Our Angry Earth
- Author: Isaac Asimov, Frederik Pohl
- Language: English
- Genre: Non-fiction
- Publisher: Tor Books
- Publication date: 1991
- ISBN: 0-312-85252-5

= Our Angry Earth =

1991 non-fiction book and polemic by Isaac Asimov and Frederik Pohl

Our Angry Earth: A Ticking Ecological Bomb (1991) is a non-fiction book and polemic against the effects of humankind on the environment by the science fiction writers Isaac Asimov and Frederik Pohl. In his last non-fiction book, Asimov co-writes with his long-time friend science fiction author Frederik Pohl, and deals with elements of the environmental crisis such as overpopulation, oil dependence, war, global warming and the destruction of the ozone layer.

It suggests monumental disasters are threatening to destroy humankind and argues that "it is too late to save our planet from harm". The book has four sections: "The Background", "The Problems", "The Technocures" and "The Way to Go".

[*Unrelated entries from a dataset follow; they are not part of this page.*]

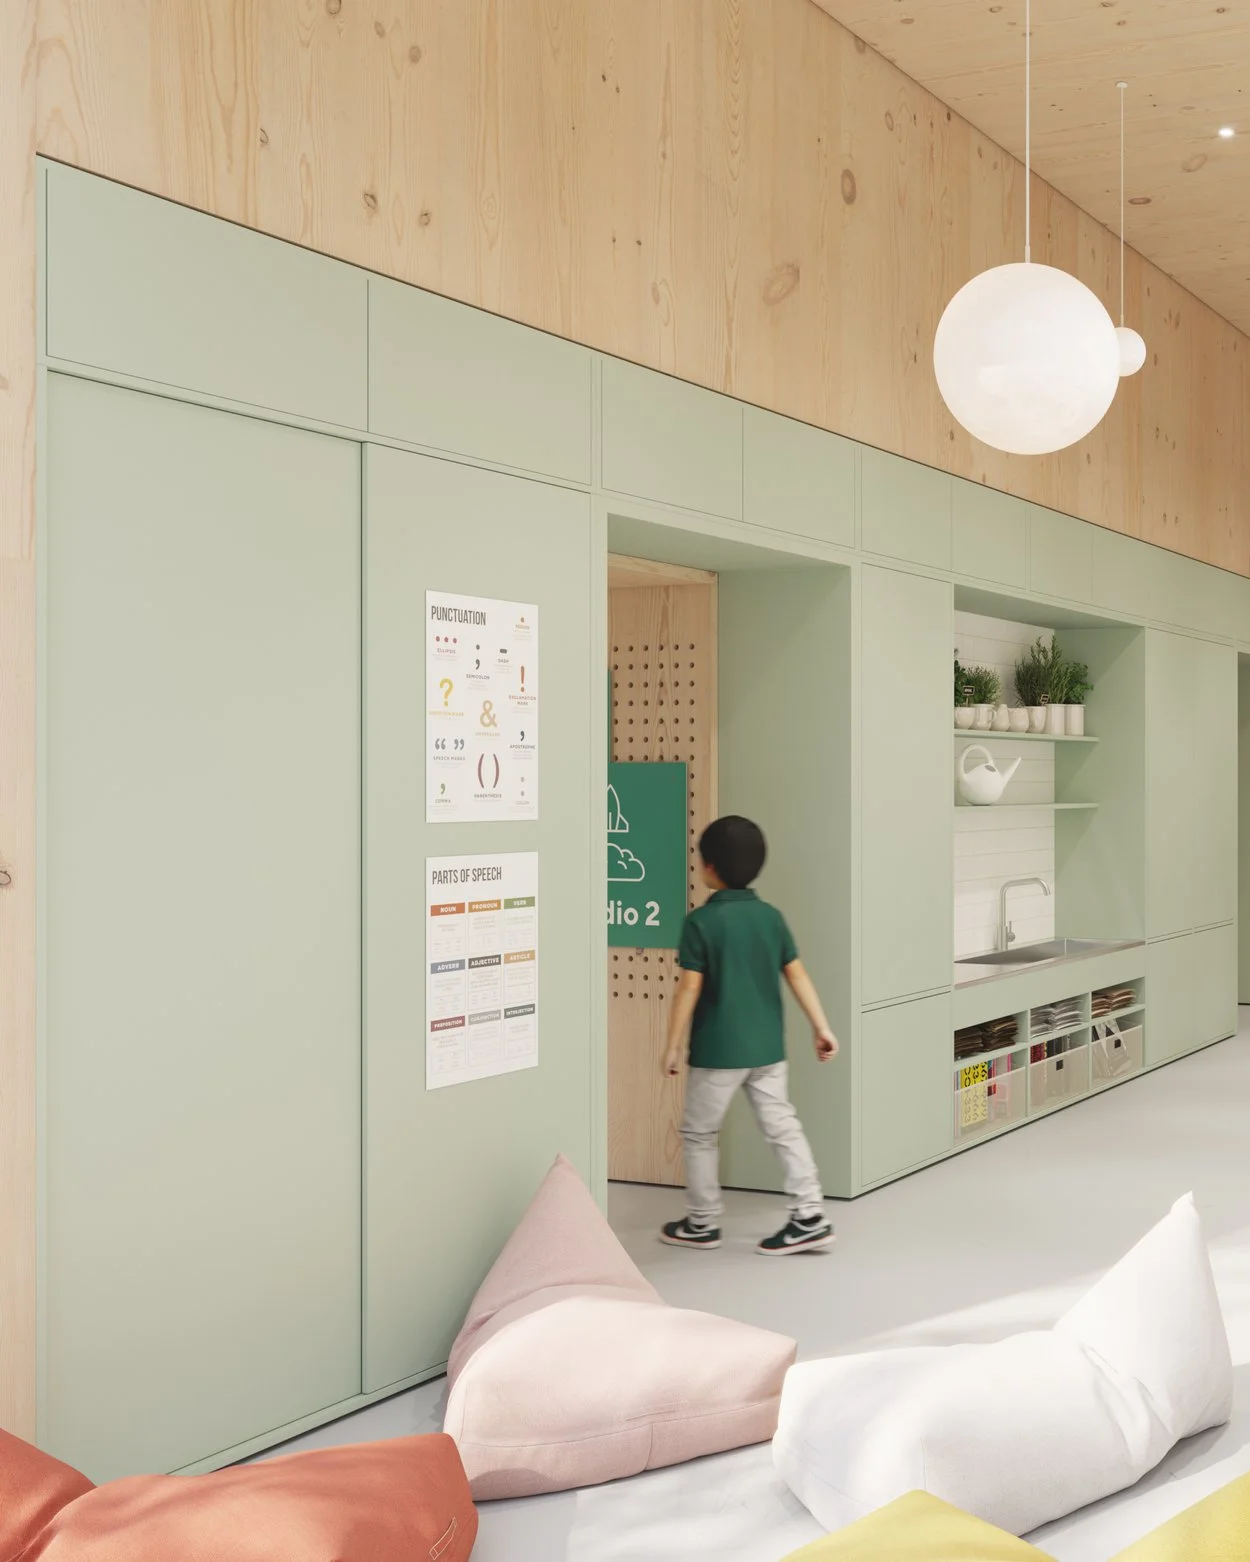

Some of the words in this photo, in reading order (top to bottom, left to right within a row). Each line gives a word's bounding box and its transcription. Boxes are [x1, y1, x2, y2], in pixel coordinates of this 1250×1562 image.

[431, 605, 486, 626] PUNCTUATION
[432, 869, 459, 885] PARTS
[460, 868, 470, 883] OF
[472, 866, 502, 882] SPEECH
[472, 902, 498, 911] PRONOUN
[607, 900, 639, 926] dio
[645, 901, 660, 926] 2
[437, 962, 460, 971] ADVERB
[470, 957, 500, 967] ADJECTIVE

The coming of doom is because of deeds that do not seem evil on the face of it. Because we are concerned with the improving of the health of mankind and its security, our population has increased markedly, especially in the last hundred years, to the point where the Earth cannot support us all. Because we have industrialised ourselves in order to lift the curse of physical labour from our backs we have poured the poisons produced by the internal combustion engine into our atmosphere and dirtied it to the point where we can scarcely breathe it. Because we have learned to make new materials for the greater convenience of mankind, we have produced chemical toxins that have saturated our soil and water. Because we have found a new source of energy, and destruction, in the atomic nucleus, we face the threat of nuclear war or, even if we avoid that, the permeation of our environment with dangerous radiation and nuclear wastes.